05-19-2005, 03:00 PM
I've always thought that this is a silly thing - Wireless. Who cares? I have to sit close enough to my monitor to see what I'm drawing, and my Intous 2 has a 3-4 foot cable on it plenty long enough for me to get comfortable with (but not long enough for me to take to the kitchen and loose).

That's understandable for us who use the tablet for OUR reasons. If we paint/draw, we usually have our nose on the monitor anyway. Wanna browse the web? 3-4 foot cable should be efficient for us loungers. It's not like we have to cook/make the bed/shower to need a wireless. But..............
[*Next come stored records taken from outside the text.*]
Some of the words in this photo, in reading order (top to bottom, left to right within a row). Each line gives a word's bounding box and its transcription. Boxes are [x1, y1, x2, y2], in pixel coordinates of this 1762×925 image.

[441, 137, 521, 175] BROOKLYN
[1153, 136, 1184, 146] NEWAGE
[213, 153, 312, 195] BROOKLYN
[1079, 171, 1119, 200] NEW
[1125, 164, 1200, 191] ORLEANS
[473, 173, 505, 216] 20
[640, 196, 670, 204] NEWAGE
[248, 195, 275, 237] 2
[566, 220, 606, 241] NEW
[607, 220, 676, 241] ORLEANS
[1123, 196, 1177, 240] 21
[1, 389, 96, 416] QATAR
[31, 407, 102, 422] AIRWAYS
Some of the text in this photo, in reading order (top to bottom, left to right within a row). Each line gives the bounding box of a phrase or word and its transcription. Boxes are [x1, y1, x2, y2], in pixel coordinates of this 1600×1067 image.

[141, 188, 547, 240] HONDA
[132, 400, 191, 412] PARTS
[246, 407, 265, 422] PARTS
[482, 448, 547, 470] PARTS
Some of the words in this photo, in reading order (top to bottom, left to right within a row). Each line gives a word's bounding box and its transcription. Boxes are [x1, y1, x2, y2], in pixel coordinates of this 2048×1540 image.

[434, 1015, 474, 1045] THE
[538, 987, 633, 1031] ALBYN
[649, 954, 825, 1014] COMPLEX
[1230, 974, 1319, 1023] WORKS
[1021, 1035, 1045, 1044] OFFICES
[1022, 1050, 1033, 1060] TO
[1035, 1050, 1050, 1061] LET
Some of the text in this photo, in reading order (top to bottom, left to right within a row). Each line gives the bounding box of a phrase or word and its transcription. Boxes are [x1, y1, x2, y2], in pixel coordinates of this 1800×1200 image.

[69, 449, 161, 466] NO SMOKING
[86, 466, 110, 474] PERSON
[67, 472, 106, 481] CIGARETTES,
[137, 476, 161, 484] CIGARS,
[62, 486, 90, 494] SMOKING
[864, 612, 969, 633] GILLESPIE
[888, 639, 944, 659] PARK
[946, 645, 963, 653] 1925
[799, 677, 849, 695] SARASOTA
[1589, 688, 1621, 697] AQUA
Think about those who do presentations. This will come in extremely useful. Hide the box off to the side of the conference room and sit down with your team as they watch the projector screen. Kinda like an advanced transparency/opaque projector. Home users, no need. Even if they are professional users. The wireless, in my opinion, is more work related, especially for teams.